Suffix conventions: .en = English-only variant (smaller, slightly more accurate for English-only use); -q5_0 = quantized (roughly halves disk size); -tdrz = built-in speaker-turn diarization. A Silero-based voice activity detector (VAD) can pre-filter silence before decoding to save compute.

Setup

Quickest path (macOS): brew install whisper-cpp — installs a prebuilt whisper-cli binary directly.

From source:

git clone https://github.com/ggml-org/whisper.cpp
cd whisper.cpp
cmake -B build && cmake --build build -j --config Release
./models/download-ggml-model.sh base.en
./build/bin/whisper-cli -f samples/jfk.wav

whisper-cli only accepts 16-bit WAV natively — convert other formats with ffmpeg first, or build with FFmpeg support for broader format handling. Run whisper-cli -h for the full flag reference. Real-time mic transcription is available via the whisper-stream example (--step 500 --length 5000).

Performance

Real-time factor (RTF) is the standard whisper.cpp benchmark metric — RTF 0.1 means 30 seconds of audio transcribes in 3 seconds. On Apple Silicon (M2) with Metal: small model RTF ~0.08–0.35 depending on source; large-v3 RTF ~0.45. On NVIDIA (RTX 4070): whisper.cpp’s CUDA path runs large-v3 at ~8x realtime, while faster-whisper’s CTranslate2/int8 path reaches ~12x — faster-whisper wins on NVIDIA hardware and VRAM efficiency, but whisper.cpp is the clear pick on Apple Silicon since faster-whisper has no Metal backend at all.

Implementation

Tool/Service: whisper.cpp (ggml-org/whisper.cpp), MIT license, free. Setup: brew install whisper-cpp (macOS) or build from source via CMake; download a GGML model (./models/download-ggml-model.sh <size>).

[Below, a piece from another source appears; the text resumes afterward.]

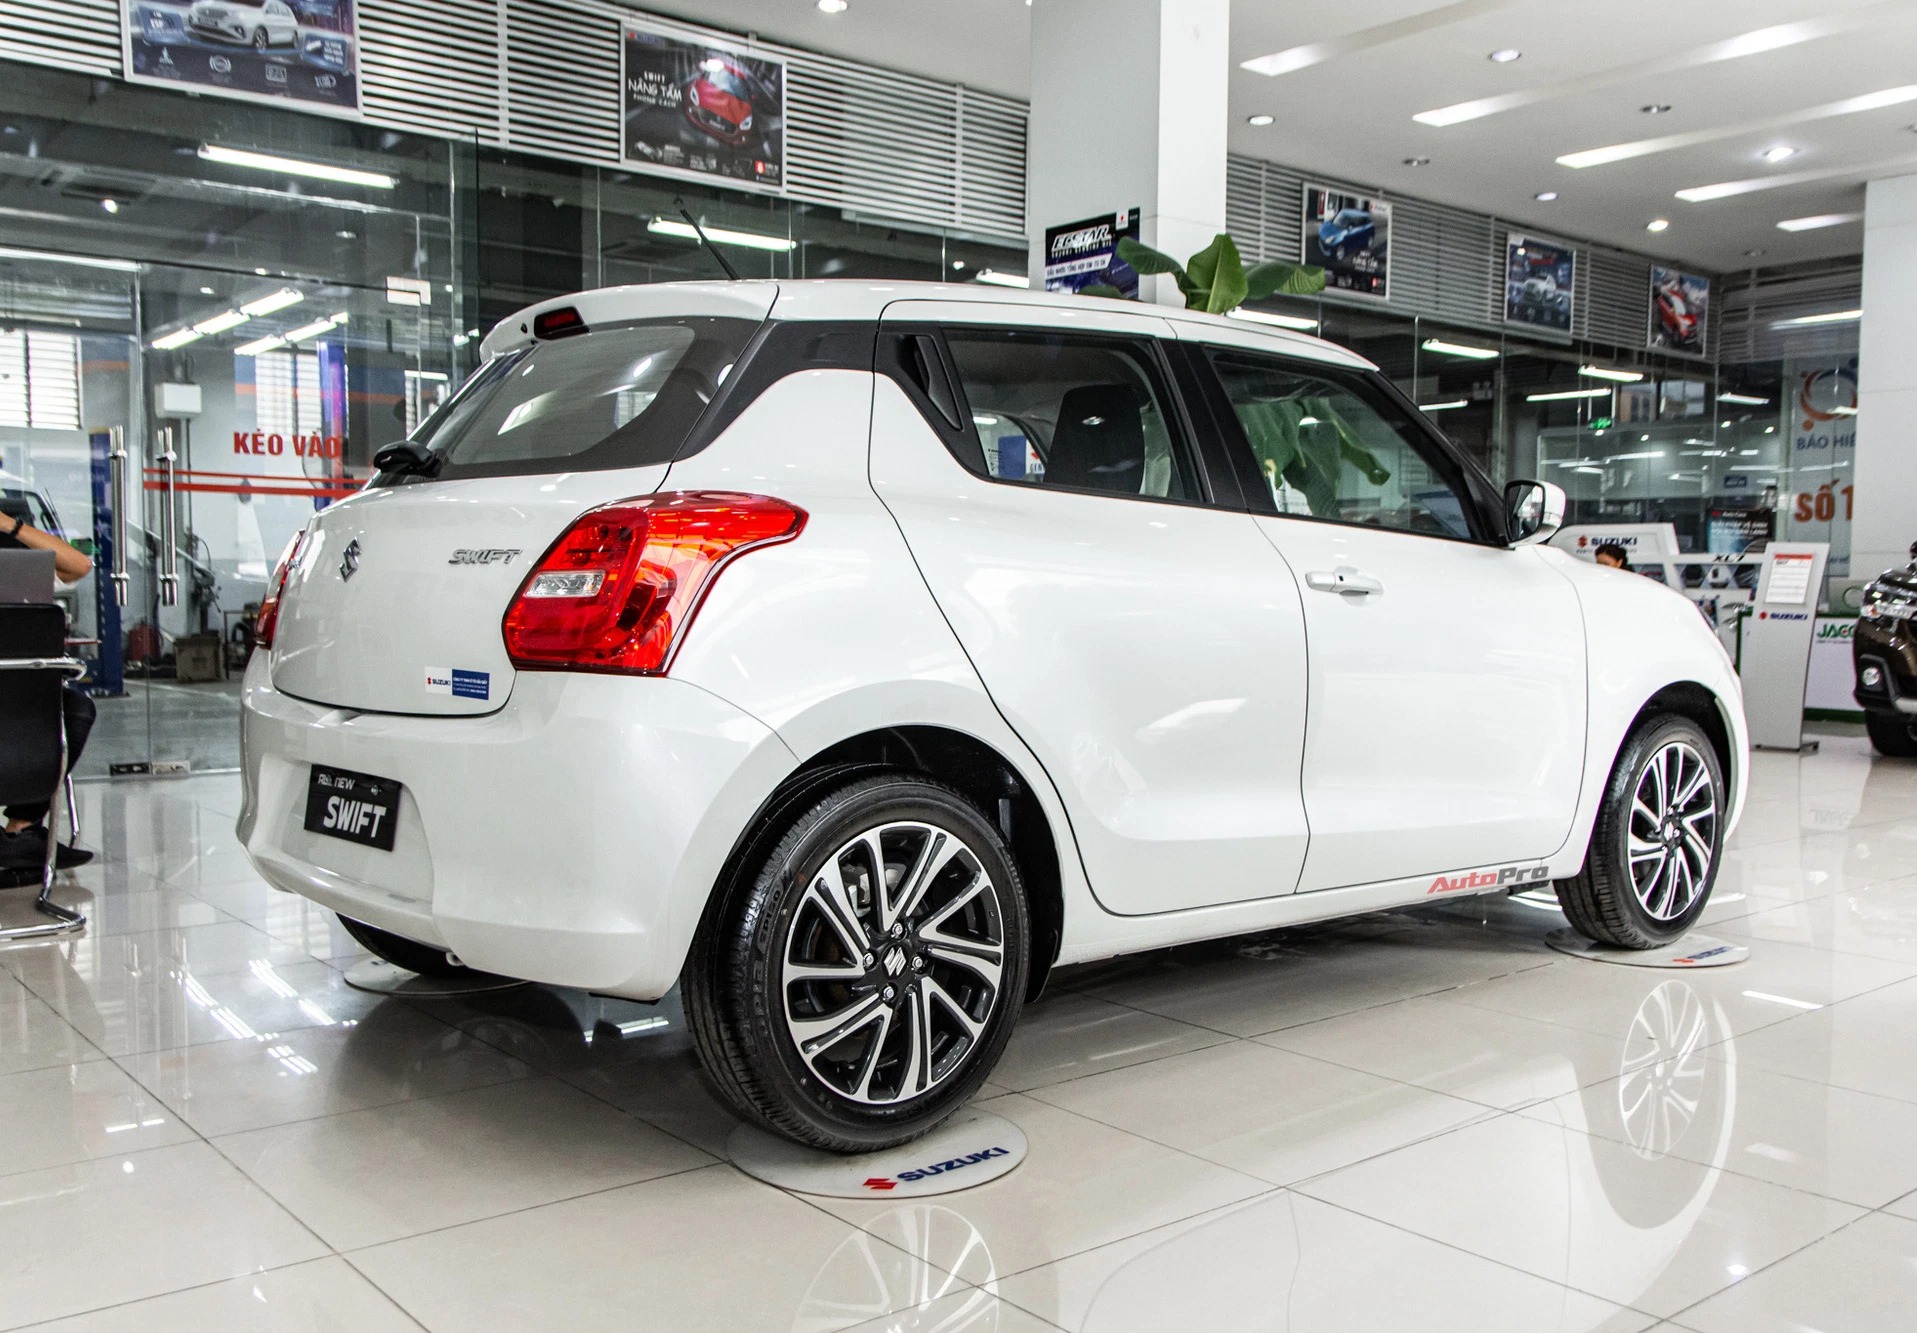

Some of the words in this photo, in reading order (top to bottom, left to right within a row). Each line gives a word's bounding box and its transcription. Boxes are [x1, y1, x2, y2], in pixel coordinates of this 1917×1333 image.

Cost: $0 — fully local, no API calls, no usage metering. Integration notes: Best fit as a batch/offline transcription tool (captioning, meeting transcripts, dictation) rather than a live-conversation voice-agent backend — see Moshi or OpenAI Realtime API for that use case. Already used in this vault as the captionless-video fallback for yt-dlp transcript extraction (~/.whisper-models/ggml-*.en.bin).

Try It

  1. brew install whisper-cpp on a Mac, download the base.en model, and transcribe a sample WAV file to confirm the setup works.
  2. If already using yt-dlp for transcript extraction in this vault, verify which whisper model size is configured at ~/.whisper-models/ and consider whether a larger/smaller model better fits the accuracy/speed tradeoff for that use case.
  3. For any local meeting/dictation transcription need, compare whisper-cli against a cloud API’s per-minute cost before defaulting to the cloud option — the local option is usually free once set up.

Open Questions

  • No streaming/real-time latency benchmark was found for whisper.cpp on Apple Silicon specifically (only the general “0.5–2s behind live speech” figure) — would need direct measurement to place it precisely against Moshi/OpenAI Realtime API on a latency axis.
  • Multilingual accuracy gap vs. cloud Whisper endpoints is asserted but not quantified in the sources gathered.